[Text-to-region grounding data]
######
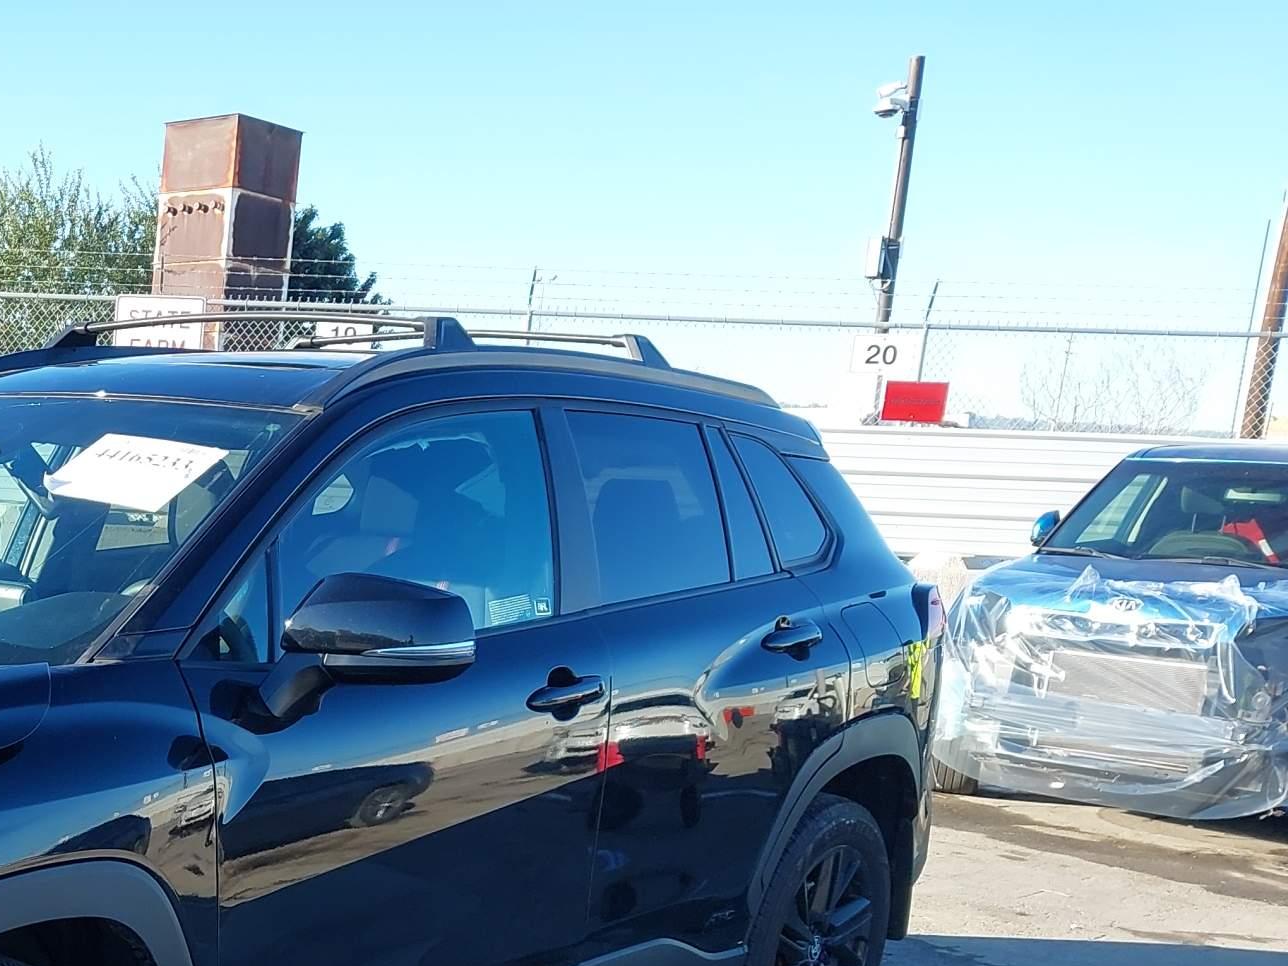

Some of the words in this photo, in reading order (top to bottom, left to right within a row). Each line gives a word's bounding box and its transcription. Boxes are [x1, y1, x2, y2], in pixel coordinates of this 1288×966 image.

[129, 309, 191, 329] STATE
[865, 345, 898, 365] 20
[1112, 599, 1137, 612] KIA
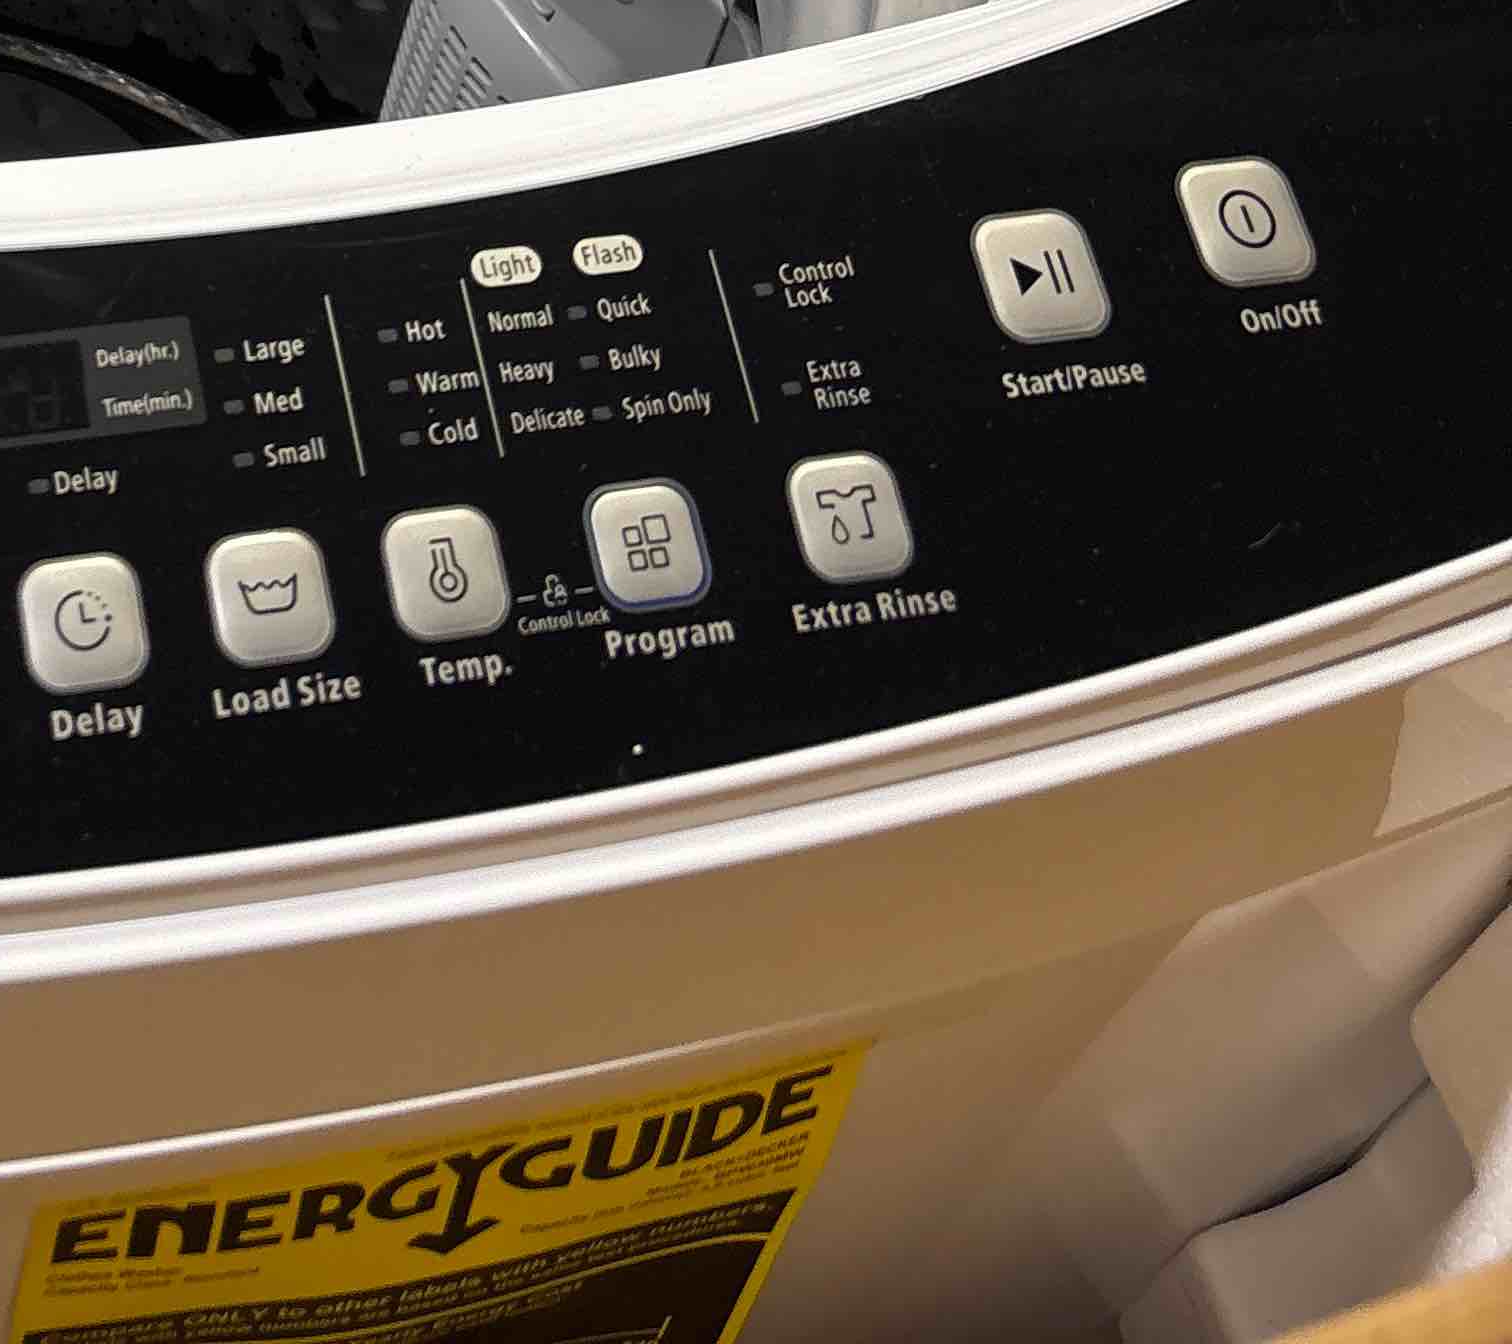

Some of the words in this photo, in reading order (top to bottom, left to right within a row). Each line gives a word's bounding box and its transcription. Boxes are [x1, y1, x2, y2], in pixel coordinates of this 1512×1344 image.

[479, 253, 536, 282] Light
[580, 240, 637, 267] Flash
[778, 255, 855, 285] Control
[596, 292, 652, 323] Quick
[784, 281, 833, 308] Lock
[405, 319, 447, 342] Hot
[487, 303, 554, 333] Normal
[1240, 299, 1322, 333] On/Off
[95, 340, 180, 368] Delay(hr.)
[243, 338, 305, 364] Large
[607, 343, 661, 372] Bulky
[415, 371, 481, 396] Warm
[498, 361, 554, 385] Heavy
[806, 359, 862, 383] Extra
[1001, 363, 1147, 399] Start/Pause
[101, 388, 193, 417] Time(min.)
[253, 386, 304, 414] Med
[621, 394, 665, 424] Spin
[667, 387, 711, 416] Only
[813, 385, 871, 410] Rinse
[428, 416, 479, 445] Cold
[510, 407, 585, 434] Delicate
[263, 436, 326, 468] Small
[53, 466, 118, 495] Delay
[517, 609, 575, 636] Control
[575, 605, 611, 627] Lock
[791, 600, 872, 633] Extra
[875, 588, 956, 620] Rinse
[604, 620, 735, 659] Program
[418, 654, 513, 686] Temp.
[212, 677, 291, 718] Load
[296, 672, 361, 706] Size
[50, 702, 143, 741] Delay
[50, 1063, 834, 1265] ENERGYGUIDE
######
### [What needs to be done]
All of the records need to be restated word for word, but not the pictures.

### [Result of the exercise]
Some of the words in this photo, in reading order (top to bottom, left to right within a row). Each line gives a word's bounding box and its transcription. Boxes are [x1, y1, x2, y2], in pixel coordinates of this 1288×966 image.

[129, 309, 191, 329] STATE
[865, 345, 898, 365] 20
[1112, 599, 1137, 612] KIA

Some of the words in this photo, in reading order (top to bottom, left to right within a row). Each line gives a word's bounding box and its transcription. Boxes are [x1, y1, x2, y2], in pixel coordinates of this 1512×1344 image.

[479, 253, 536, 282] Light
[580, 240, 637, 267] Flash
[778, 255, 855, 285] Control
[596, 292, 652, 323] Quick
[784, 281, 833, 308] Lock
[405, 319, 447, 342] Hot
[487, 303, 554, 333] Normal
[1240, 299, 1322, 333] On/Off
[95, 340, 180, 368] Delay(hr.)
[243, 338, 305, 364] Large
[607, 343, 661, 372] Bulky
[415, 371, 481, 396] Warm
[498, 361, 554, 385] Heavy
[806, 359, 862, 383] Extra
[1001, 363, 1147, 399] Start/Pause
[101, 388, 193, 417] Time(min.)
[253, 386, 304, 414] Med
[621, 394, 665, 424] Spin
[667, 387, 711, 416] Only
[813, 385, 871, 410] Rinse
[428, 416, 479, 445] Cold
[510, 407, 585, 434] Delicate
[263, 436, 326, 468] Small
[53, 466, 118, 495] Delay
[517, 609, 575, 636] Control
[575, 605, 611, 627] Lock
[791, 600, 872, 633] Extra
[875, 588, 956, 620] Rinse
[604, 620, 735, 659] Program
[418, 654, 513, 686] Temp.
[212, 677, 291, 718] Load
[296, 672, 361, 706] Size
[50, 702, 143, 741] Delay
[50, 1063, 834, 1265] ENERGYGUIDE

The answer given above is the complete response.